Analysis of miRNA Function During Eye Development and Retinal Regeneration

眼睛发育和视网膜再生过程中 miRNA 功能分析

• 批准号: 8039909
• 负责人: James G. Patton
• 金额: $ 18.69万
• 依托单位: VANDERBILT UNIVERSITY
• 依托单位国家: 美国
• 财政年份: 2010
• 资助国家: 美国
• 起止时间: 2010-04-01 至 2013-03-31
• 项目状态: 已结题
• 来源: https://reporter.nih.gov/project-details/8039909
• 关键词: Affect; American; Antibodies; Archives; Biological Models; Blindness; Cells; Circadian Rhythms; Complex; Disease; Eye; Eye Development; Eye diseases; Family; Fishes; Functional RNA; Gene Expression; Genes; Health; Human; Incidence; Light; Longevity; Mediating; Messenger RNA; Methodology; MicroRNAs; Modeling; Mus; N-Methylaspartate; Natural regeneration; Neuroglia; Nucleotides; Oligonucleotides; Pathway interactions; Patients; Pattern; Photoreceptors; Play; Process; RNA; Regulator Genes; Reporter; Repression; Retina; Retinal; Retinal Degeneration; Retinal Diseases; Role; Signal Transduction; Testing; Translations; Vision; Zebrafish; blastema; functional restoration; gain of function; human disease; light treatment; loss of function; nerve stem cell; programs; public health relevance; repaired; research study; retinal damage; retinal neuron; retinal regeneration; stem; therapeutic target; tool; vertebrate genome

DESCRIPTION (provided by applicant): A number of non-coding RNAs have been discovered in the last few years, the best characterized of which are a family of 21-23 nucleotide RNAs referred to as microRNAs (miRNAs). Vertebrate genomes encode hundreds of miRNAs that regulate gene expression at the post-transcriptional level, primarily through repression of translation. Despite progress in elucidating the processing pathways and effector complexes that carry out miRNA function, precious little is known about the exact target mRNAs controlled by miRNAs. We have been using zebrafish as a model system to identify miRNA targets. Here, we propose to perform microarrays to identify miRNAs that are differentially expressed during zebrafish retinal regeneration and then functionally test the involvement of such miRNAs to identify key genes and regulatory cascades that control retinal regeneration. PUBLIC HEALTH RELEVANCE: For humans, increased life span will increase the numbers of patients suffering from one or more eye diseases. Currently, blindness or impaired vision affects over 3 million Americans but that number is expected to increase to over 5 million just by 2020 (Archives of Opthalmology, April, 2004) (Ferris III and Tielsch, 2004). Many diseases of the human eye involve loss, damage or degeneration of photoreceptor cells but in contrast to fish, regeneration is mostly absent. This proposal seeks to understand the mechanisms of retinal regeneration in the hopes that understanding the signals that allow such regeneration might identify therapeutic targets to restore or preserve photoreceptors.

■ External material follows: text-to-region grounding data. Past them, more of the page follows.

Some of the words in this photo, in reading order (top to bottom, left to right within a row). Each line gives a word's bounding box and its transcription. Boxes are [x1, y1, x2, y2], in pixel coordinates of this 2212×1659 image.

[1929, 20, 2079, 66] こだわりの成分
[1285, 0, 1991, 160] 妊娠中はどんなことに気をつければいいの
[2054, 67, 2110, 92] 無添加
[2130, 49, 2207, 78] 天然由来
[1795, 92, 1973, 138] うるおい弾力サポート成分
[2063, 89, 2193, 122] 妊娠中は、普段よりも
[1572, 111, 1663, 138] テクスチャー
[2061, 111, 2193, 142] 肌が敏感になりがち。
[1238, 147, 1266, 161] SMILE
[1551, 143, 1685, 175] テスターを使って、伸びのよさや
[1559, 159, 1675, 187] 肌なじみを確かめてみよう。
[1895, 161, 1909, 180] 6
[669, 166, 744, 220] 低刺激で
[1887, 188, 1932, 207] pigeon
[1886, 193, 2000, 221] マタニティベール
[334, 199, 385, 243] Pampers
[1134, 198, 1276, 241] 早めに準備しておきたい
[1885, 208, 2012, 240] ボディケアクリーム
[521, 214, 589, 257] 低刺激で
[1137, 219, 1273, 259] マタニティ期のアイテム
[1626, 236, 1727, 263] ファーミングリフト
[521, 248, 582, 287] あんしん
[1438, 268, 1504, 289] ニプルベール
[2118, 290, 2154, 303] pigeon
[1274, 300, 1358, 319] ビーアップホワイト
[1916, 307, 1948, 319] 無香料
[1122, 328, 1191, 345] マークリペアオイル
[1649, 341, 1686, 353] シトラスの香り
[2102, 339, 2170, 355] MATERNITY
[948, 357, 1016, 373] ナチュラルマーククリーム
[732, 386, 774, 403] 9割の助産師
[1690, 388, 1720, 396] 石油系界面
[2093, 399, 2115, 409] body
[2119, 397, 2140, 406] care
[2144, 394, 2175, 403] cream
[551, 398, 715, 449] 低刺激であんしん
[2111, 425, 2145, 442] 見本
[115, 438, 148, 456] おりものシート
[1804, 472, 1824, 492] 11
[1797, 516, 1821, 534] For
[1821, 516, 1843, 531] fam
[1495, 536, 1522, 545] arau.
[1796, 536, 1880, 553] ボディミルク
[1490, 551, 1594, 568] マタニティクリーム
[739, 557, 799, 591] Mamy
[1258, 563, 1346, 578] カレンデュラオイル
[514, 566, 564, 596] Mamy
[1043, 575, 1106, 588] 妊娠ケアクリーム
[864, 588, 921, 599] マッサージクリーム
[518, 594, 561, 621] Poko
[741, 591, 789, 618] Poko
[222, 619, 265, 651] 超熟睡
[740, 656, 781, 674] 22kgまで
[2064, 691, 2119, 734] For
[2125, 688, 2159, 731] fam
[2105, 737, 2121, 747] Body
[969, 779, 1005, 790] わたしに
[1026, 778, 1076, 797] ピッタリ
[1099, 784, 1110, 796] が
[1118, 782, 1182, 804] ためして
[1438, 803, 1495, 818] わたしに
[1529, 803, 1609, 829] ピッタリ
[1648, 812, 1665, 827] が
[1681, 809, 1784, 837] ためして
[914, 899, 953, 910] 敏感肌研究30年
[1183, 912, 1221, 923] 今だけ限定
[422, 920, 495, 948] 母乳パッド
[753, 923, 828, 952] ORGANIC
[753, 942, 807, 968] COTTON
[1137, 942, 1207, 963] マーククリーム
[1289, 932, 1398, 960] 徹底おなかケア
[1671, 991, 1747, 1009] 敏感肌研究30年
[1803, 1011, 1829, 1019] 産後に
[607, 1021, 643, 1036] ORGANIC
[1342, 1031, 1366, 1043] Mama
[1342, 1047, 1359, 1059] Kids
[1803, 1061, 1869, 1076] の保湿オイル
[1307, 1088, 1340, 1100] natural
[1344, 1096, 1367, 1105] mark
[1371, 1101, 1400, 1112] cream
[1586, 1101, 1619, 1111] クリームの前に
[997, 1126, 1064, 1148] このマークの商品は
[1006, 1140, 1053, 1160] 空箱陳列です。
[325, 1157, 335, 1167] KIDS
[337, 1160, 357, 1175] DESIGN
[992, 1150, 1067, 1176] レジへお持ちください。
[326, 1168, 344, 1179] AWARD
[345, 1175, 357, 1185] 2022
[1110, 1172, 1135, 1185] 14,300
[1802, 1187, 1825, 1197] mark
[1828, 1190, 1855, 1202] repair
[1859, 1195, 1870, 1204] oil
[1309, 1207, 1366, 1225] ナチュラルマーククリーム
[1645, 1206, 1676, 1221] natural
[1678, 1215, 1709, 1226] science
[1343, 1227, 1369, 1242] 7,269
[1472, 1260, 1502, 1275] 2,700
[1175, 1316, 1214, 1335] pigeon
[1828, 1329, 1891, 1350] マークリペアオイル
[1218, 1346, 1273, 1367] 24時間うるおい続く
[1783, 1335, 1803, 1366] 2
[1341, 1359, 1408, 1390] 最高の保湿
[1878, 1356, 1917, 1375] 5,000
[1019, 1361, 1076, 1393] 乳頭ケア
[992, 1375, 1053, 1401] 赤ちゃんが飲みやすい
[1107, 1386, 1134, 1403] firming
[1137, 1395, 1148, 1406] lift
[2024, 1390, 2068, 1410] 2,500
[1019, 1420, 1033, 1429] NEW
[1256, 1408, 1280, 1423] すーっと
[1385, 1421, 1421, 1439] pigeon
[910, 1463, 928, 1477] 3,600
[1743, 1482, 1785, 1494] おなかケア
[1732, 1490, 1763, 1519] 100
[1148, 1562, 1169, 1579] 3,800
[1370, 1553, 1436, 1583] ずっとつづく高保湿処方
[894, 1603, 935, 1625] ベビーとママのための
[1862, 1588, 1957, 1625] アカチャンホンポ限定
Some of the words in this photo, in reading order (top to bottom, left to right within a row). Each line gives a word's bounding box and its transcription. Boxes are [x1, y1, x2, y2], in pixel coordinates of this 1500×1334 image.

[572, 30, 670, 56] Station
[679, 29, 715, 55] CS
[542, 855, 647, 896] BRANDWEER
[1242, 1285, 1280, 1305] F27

描述（由申请人提供）：过去几年中发现了许多非编码RNA，其中最具特征的是被称为microRNA（miRNA）的21-23个核苷酸RNA家族。脊椎动物基因组编码数百种 miRNA，这些 miRNA 主要通过抑制翻译来在转录后水平调节基因表达。尽管在阐明执行 miRNA 功能的加工途径和效应复合物方面取得了进展，但人们对 miRNA 控制的确切靶 mRNA 知之甚少。我们一直使用斑马鱼作为模型系统来识别 miRNA 靶点。在这里，我们建议进行微阵列来识别斑马鱼视网膜再生过程中差异表达的 miRNA，然后对此类 miRNA 的参与进行功能测试，以确定控制视网膜再生的关键基因和调控级联。 公共卫生相关性：对于人类来说，寿命的延长将增加患有一种或多种眼部疾病的患者数量。目前，失明或视力受损影响着超过 300 万美国人，但预计到 2020 年这一数字将增加到超过 500 万（眼科档案馆，2004 年 4 月）（Ferris III 和 Tielsch，2004 年）。人眼的许多疾病都与感光细胞的损失、损伤或退化有关，但与鱼类不同的是，感光细胞大多不存在再生。该提案旨在了解视网膜再生的机制，希望了解允许这种再生的信号可以确定恢复或保护光感受器的治疗靶点。